Bislang wurden Zuckerrüben mit einer neonicotinoiden Beize gegen Erdflöhe und Blattläuse sowie gegen einen geringen Druck an Derbrüsslern so gut geschützt, dass dafür keine Spritzung nötig war. Das werde sich durch das Urteil nun ändern. „In Österreich wurde begleitend zur bis jetzt geltenden Notfallzulassung der Rübenbeize ein jährliches Bienenmonitoring durch die AGES durchgeführt und bewiesen, dass es für die Bienen zu keinen negativen Auswirkungen aufgrund der Neonic-Beize kam.
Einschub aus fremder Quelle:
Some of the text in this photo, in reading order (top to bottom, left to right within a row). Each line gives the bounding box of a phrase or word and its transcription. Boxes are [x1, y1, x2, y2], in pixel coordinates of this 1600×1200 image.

Als nichtblühende Kultur sind Rüben für Bienen unattraktiv und das Saatgut ist gut gegen Staubabrieb geschützt“, erklärt Waldenberger. 
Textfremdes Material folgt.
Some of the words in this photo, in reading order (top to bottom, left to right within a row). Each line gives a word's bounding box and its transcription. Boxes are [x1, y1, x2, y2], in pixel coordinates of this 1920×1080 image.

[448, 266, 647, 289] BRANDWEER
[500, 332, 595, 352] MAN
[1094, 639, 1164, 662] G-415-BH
Bis zu 50 % der Fläche bedroht

Circa 30 bis 50 Prozent der österreichischen Rübenanbaufläche sei durch den Rübenderbrüssler bedroht, welcher in den vergangenen Jahren enorme Schäden durch Kahlfraß verursacht hat. Dieser Schädling konnte im Osten von Österreich nur durch Neonicotinoide reguliert werden. In Oberösterreich bedrohen besonders Schädlinge wie Erdflöhe und Blattläuse den Rübenanbau. „Österreich kann sich aktuell noch selbst mit Zucker versorgen, doch dies wird durch das Urteil gefährdet. Das ist absolut fahrlässig und in Zeiten wo überall Unabhängigkeit und Souveränität gefordert wird, absolut nicht nachvollziehbar“, so Langer-Weninger. Für den Erhalt der beiden Zuckerfabriken in Österreich und somit der Eigenversorgung mit Zucker seien keine nennenswerten Flächenverluste tragbar. 

Folge: Importe aus Übersee

Langer-Weninger bezieht sich in diesem Zusammenhang auf die Schließung der ehemaligen Zuckerfabrik in Enns vor mehr als 30 Jahren: „Es gibt in Europa keine einzige Fabrik, die geschlossen und später wieder aufgesperrt worden ist. Gerade in Zeiten unsicherer Warenströme sollte allen Verantwortungsträgern klar sein, wie wichtig eine starke heimische produzierende Landwirtschaft ist. Wenn in Europa und Österreich die Zuckerrübenproduktion reduziert wird, dann wird das mit Importen aus Übersee ausgeglichen. Das kann nicht das Ziel sein, wenn wir an Klima- und Umweltschutz denken.“ 

Die Zuckerproduktion in Brasilien erfolge unter deutlich schlechteren Umwelt- und Sozialstandards als hierzulande – dort werden Pflanzenschutzmittel eingesetzt, die in Österreich längst verboten sind. „Damit hilft das Beiz-Verbot weder der Umwelt noch den Landwirten. Es gefährdet vielmehr Arbeitsplätze und kann für Konsumenten zu einer Verteuerung von Zucker führen“, gibt Waldenberger zu bedenken.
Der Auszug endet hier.